EXERCISE DESCRIPTION
Repeat each line, word for word, from the one containing "Some of the words" through the last line of the entries, and include no other output.

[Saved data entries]
------------------------------------------------

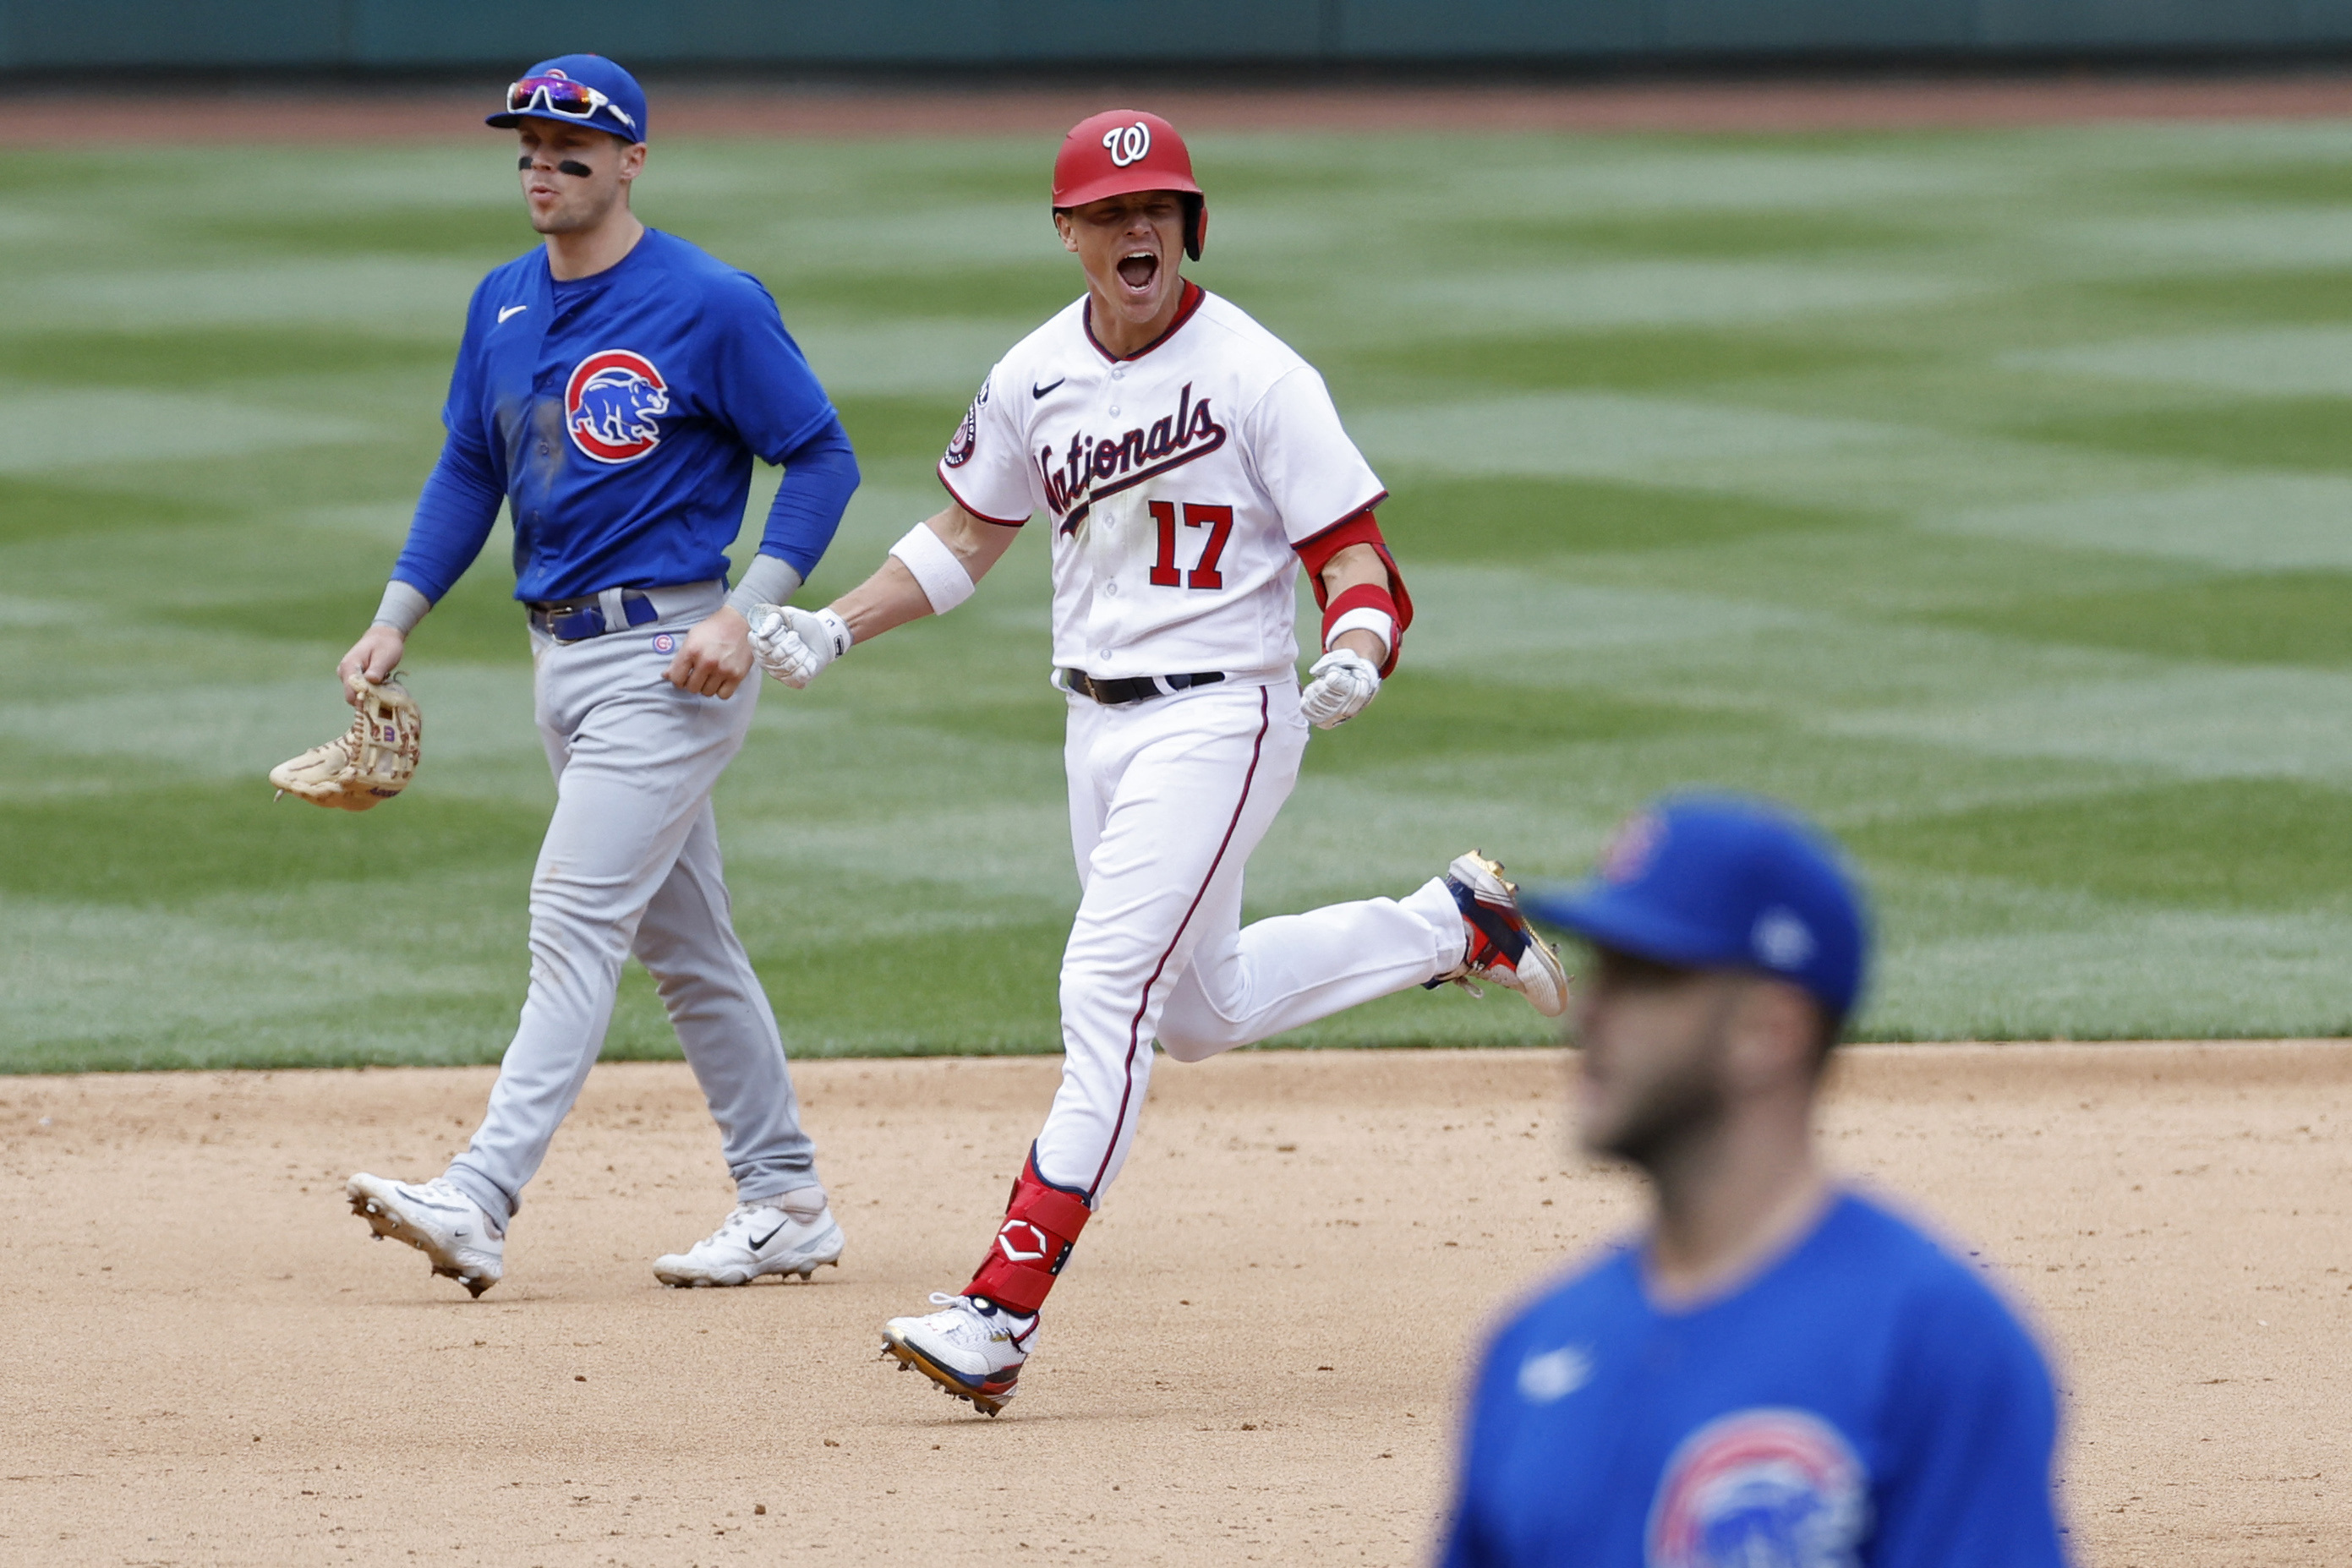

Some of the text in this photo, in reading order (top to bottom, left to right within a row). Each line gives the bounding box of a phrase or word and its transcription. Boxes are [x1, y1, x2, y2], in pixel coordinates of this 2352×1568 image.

[1102, 122, 1151, 167] W
[1033, 381, 1227, 539] Nationals
[1148, 500, 1233, 589] 17
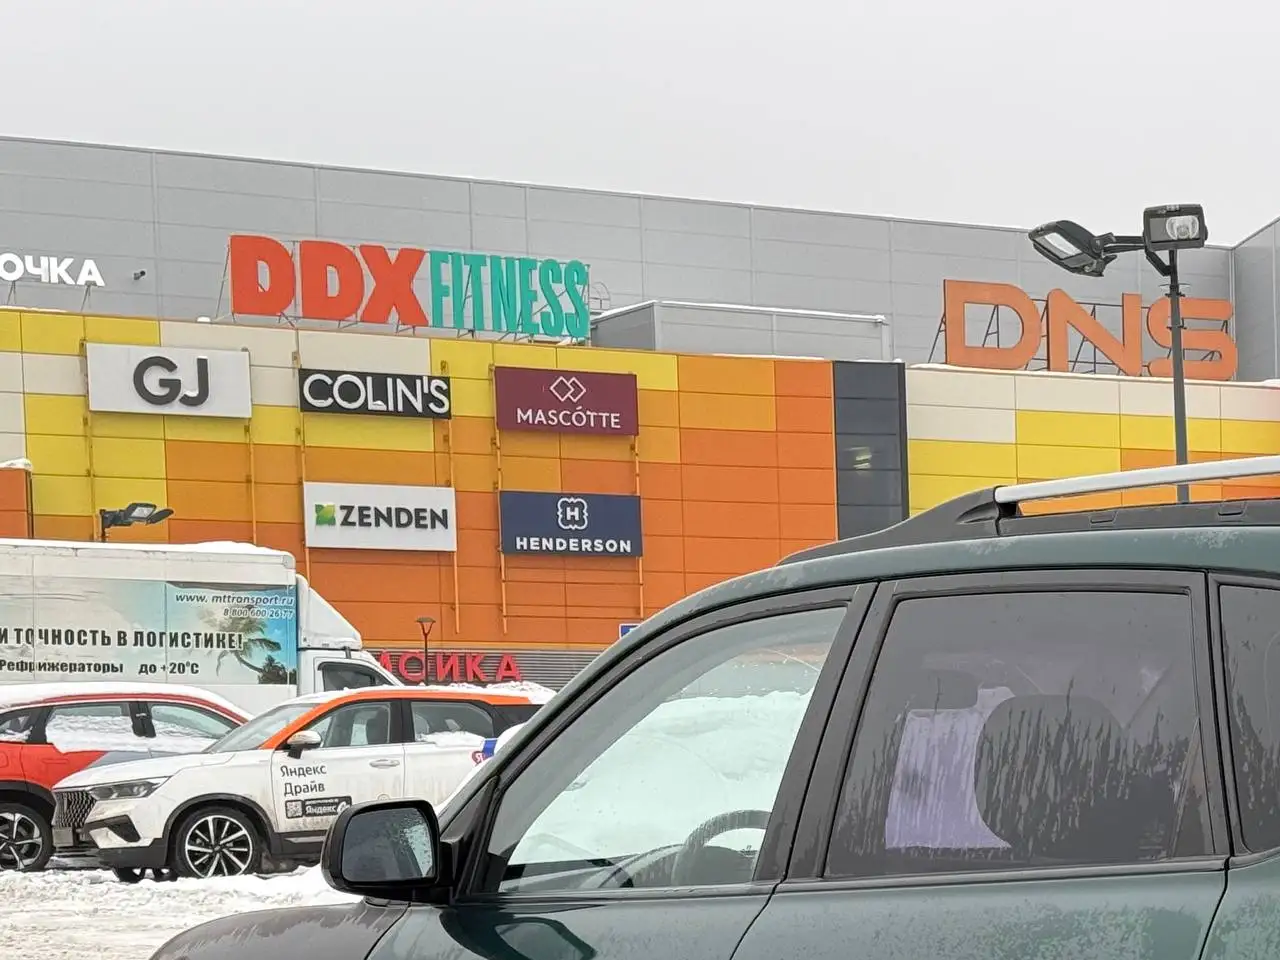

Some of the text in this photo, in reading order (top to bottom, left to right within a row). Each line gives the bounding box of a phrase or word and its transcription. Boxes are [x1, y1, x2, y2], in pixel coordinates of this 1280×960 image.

[0, 253, 105, 287] ОЧКА
[230, 234, 590, 338] DDX FITNESS
[943, 279, 1238, 381] DNS
[133, 355, 209, 406] GJ
[303, 373, 450, 416] COLIN'S
[340, 503, 448, 530] ZENDEN
[515, 536, 632, 553] HENDERSON
[13, 628, 112, 648] ТОЧНОСТЬ
[117, 630, 128, 647] В
[133, 630, 243, 649] ЛОГИСТИКЕ!
[0, 659, 124, 674] Рефрижераторы
[138, 663, 157, 675] до
[280, 765, 327, 777] Яндекс
[284, 780, 325, 796] Драйв
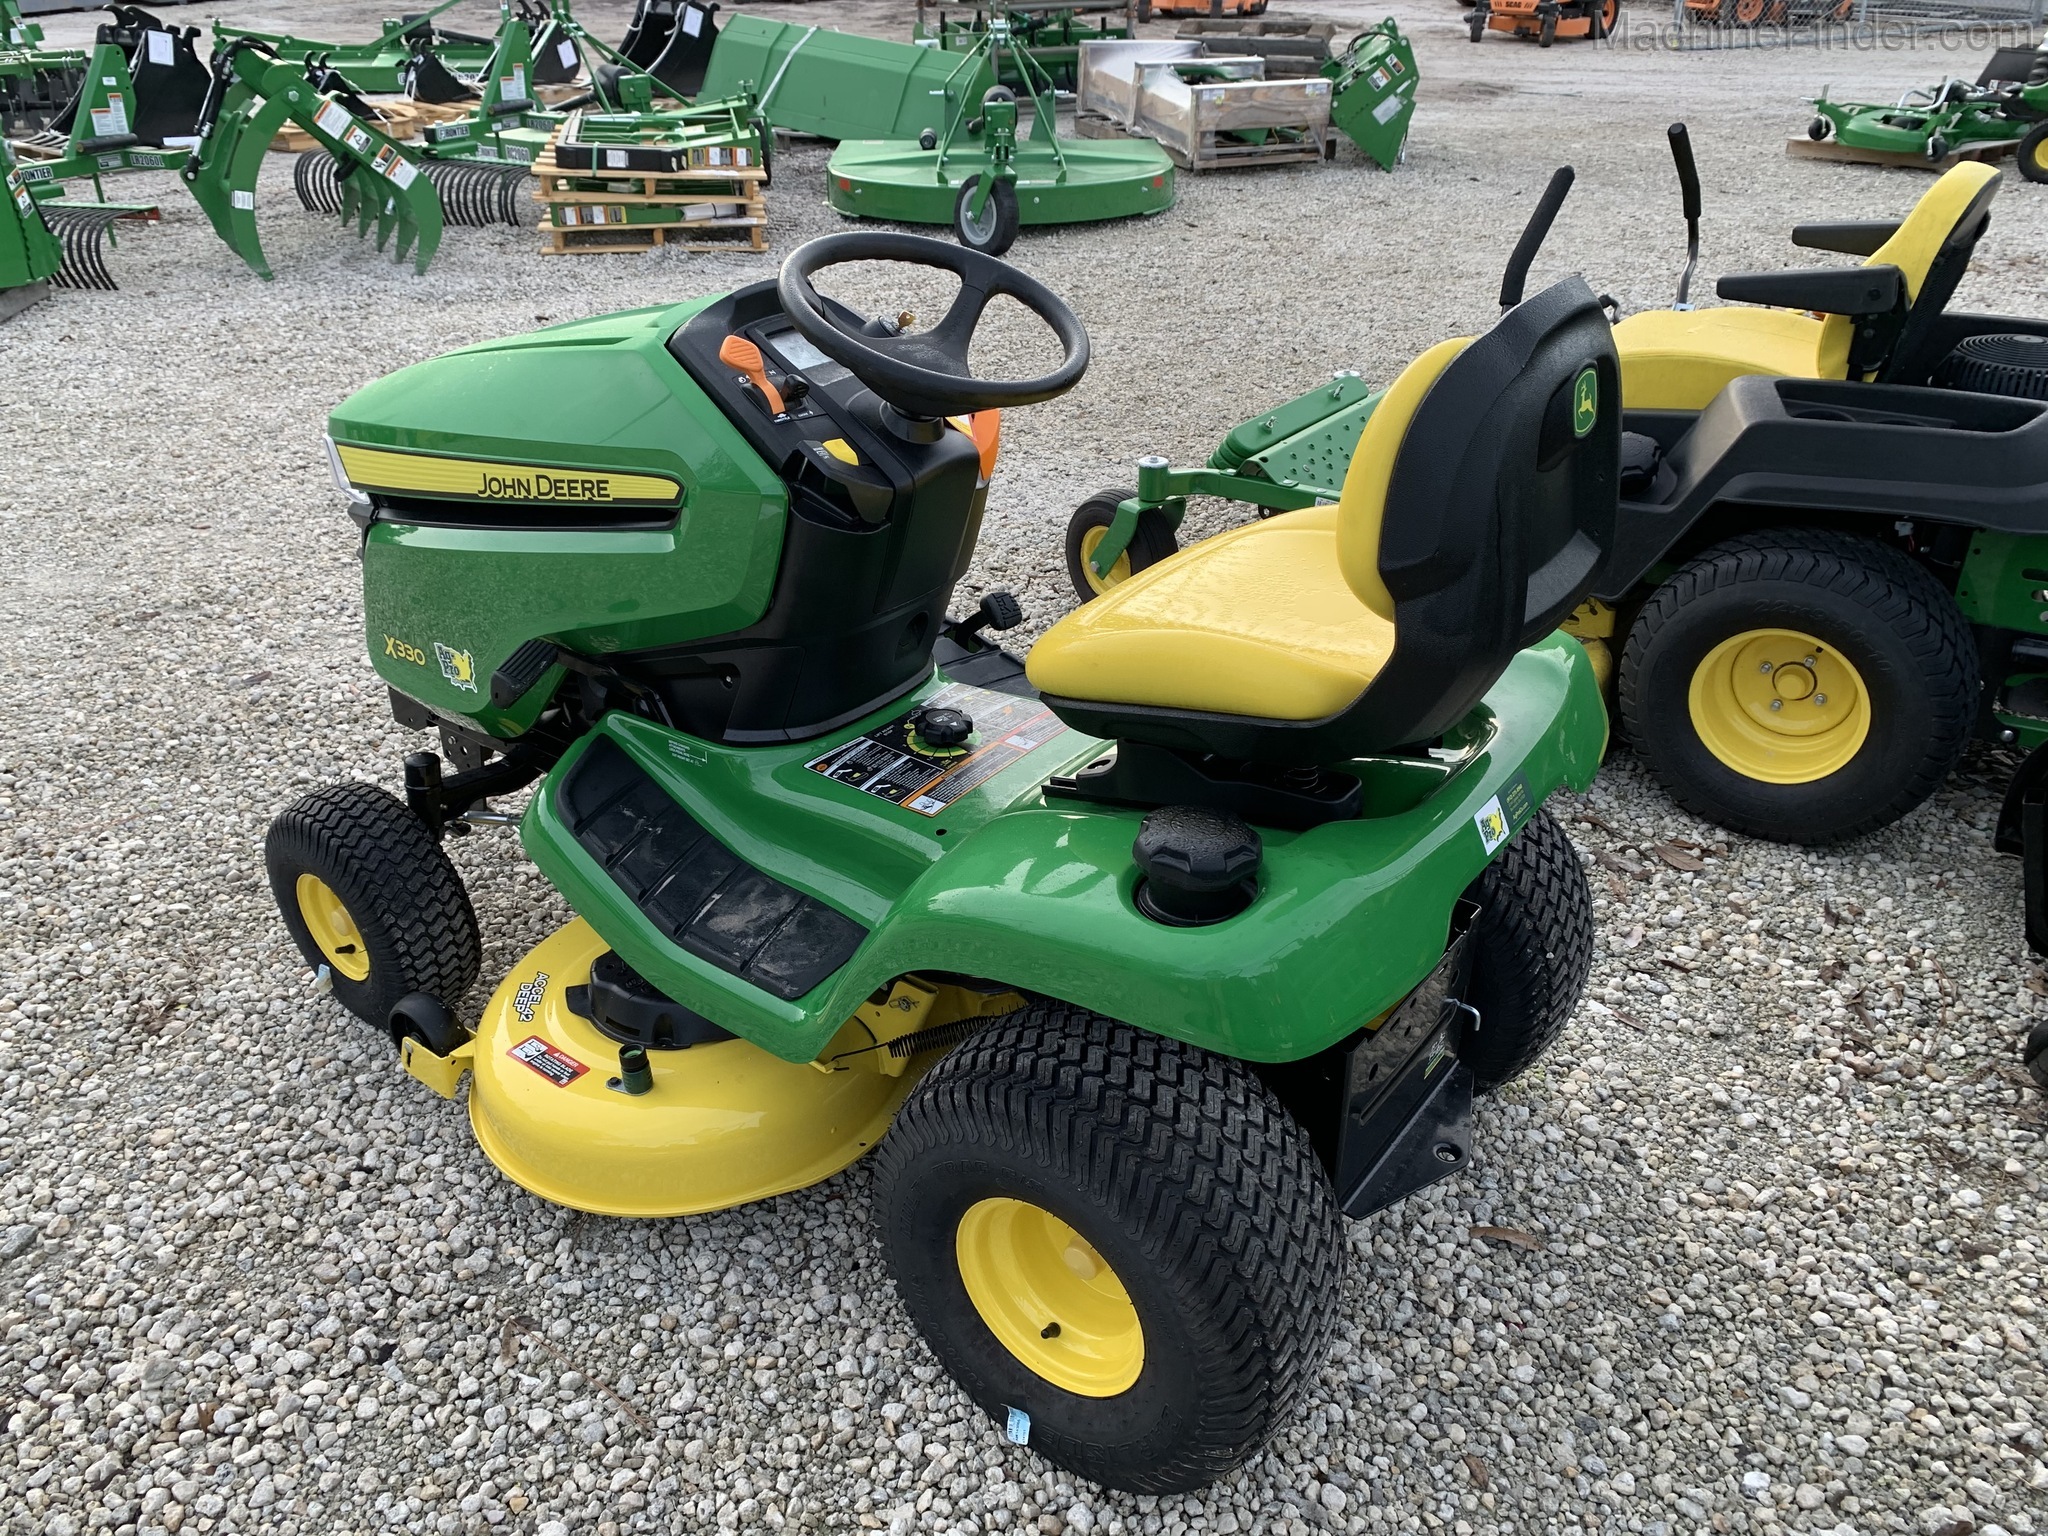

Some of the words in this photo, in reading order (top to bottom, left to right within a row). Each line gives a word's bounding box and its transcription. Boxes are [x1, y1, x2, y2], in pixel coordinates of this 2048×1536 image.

[131, 154, 164, 167] LR2060L
[477, 473, 532, 496] JOHN
[535, 474, 611, 499] DEERE
[383, 633, 426, 666] X330
[443, 661, 460, 676] Pro
[513, 982, 533, 1013] DEEP
[526, 971, 550, 1008] ACCEL
[518, 1006, 535, 1022] 42
[559, 1053, 579, 1068] DANGER

------------------------------------------------

THE COMPLETED TASK
Some of the words in this photo, in reading order (top to bottom, left to right within a row). Each line gives a word's bounding box and its transcription. Boxes are [x1, y1, x2, y2], in pixel coordinates of this 2048×1536 image.

[131, 154, 164, 167] LR2060L
[477, 473, 532, 496] JOHN
[535, 474, 611, 499] DEERE
[383, 633, 426, 666] X330
[443, 661, 460, 676] Pro
[513, 982, 533, 1013] DEEP
[526, 971, 550, 1008] ACCEL
[518, 1006, 535, 1022] 42
[559, 1053, 579, 1068] DANGER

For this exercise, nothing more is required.